Here the answer should be the line with "this 1200×1600 image." and all the lines after it through the end of the listing, each repeated exactly, and no other text.

== == ==

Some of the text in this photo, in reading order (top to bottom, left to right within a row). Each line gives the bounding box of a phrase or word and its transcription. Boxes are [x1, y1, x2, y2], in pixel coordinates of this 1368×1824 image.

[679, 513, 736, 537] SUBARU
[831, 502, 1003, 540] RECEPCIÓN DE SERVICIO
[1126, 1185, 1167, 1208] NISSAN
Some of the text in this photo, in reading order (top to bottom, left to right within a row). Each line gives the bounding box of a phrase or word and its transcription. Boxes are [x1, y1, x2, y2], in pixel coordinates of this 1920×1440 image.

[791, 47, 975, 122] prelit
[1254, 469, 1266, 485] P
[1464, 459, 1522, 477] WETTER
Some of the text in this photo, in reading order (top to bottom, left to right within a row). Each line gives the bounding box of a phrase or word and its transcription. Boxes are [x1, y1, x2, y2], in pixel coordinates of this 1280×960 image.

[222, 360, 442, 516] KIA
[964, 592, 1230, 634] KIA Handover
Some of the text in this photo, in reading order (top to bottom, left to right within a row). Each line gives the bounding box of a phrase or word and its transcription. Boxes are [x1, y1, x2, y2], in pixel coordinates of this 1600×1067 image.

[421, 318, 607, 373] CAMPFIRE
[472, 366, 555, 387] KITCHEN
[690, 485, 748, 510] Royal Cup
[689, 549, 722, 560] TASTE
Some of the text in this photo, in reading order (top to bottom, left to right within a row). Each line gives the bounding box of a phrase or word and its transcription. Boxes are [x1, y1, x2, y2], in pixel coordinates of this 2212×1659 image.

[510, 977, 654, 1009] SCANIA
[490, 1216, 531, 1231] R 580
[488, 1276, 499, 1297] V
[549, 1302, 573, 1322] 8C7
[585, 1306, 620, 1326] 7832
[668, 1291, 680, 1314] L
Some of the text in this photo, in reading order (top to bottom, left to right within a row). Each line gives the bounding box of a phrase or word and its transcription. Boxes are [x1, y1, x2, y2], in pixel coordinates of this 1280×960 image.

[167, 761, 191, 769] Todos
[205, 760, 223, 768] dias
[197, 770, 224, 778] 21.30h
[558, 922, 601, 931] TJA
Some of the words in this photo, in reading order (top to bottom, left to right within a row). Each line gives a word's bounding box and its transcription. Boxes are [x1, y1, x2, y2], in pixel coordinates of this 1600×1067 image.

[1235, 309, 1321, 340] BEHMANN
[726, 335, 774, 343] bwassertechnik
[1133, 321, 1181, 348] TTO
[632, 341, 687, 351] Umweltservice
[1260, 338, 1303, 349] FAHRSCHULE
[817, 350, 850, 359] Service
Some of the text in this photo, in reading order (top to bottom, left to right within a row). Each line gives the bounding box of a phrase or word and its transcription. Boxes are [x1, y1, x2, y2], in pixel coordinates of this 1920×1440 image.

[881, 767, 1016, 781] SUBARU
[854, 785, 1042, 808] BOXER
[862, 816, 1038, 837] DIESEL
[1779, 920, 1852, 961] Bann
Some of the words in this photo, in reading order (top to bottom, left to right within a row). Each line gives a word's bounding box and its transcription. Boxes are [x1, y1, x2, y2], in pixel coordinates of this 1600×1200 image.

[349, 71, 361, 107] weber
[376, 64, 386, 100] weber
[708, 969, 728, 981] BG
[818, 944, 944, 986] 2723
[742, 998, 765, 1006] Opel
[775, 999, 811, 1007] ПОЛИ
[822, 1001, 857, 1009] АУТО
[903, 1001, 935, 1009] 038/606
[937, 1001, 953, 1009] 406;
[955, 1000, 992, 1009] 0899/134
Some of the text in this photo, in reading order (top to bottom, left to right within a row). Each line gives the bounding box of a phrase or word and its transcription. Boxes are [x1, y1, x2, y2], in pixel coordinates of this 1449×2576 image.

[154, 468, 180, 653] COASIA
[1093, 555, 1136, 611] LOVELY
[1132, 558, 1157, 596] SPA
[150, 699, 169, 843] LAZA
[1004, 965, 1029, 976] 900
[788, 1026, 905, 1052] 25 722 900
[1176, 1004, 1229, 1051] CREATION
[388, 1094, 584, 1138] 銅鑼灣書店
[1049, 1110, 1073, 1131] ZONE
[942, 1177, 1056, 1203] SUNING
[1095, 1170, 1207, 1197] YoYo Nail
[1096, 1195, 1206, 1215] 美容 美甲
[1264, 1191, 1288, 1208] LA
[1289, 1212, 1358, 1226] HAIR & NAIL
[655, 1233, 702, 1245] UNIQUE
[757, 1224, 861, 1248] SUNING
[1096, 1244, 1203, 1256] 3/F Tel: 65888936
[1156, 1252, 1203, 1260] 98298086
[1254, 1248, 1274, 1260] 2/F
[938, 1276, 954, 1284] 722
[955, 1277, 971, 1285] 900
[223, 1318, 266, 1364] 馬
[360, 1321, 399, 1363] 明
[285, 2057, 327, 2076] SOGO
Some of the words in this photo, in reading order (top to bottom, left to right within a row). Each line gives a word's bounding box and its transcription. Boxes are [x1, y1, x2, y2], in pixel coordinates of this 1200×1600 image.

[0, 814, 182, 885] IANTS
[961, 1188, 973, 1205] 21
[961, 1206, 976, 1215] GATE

== == ==

* _Task output_:
Some of the words in this photo, in reading order (top to bottom, left to right within a row). Each line gives a word's bounding box and its transcription. Boxes are [x1, y1, x2, y2], in pixel coordinates of this 1200×1600 image.

[0, 814, 182, 885] IANTS
[961, 1188, 973, 1205] 21
[961, 1206, 976, 1215] GATE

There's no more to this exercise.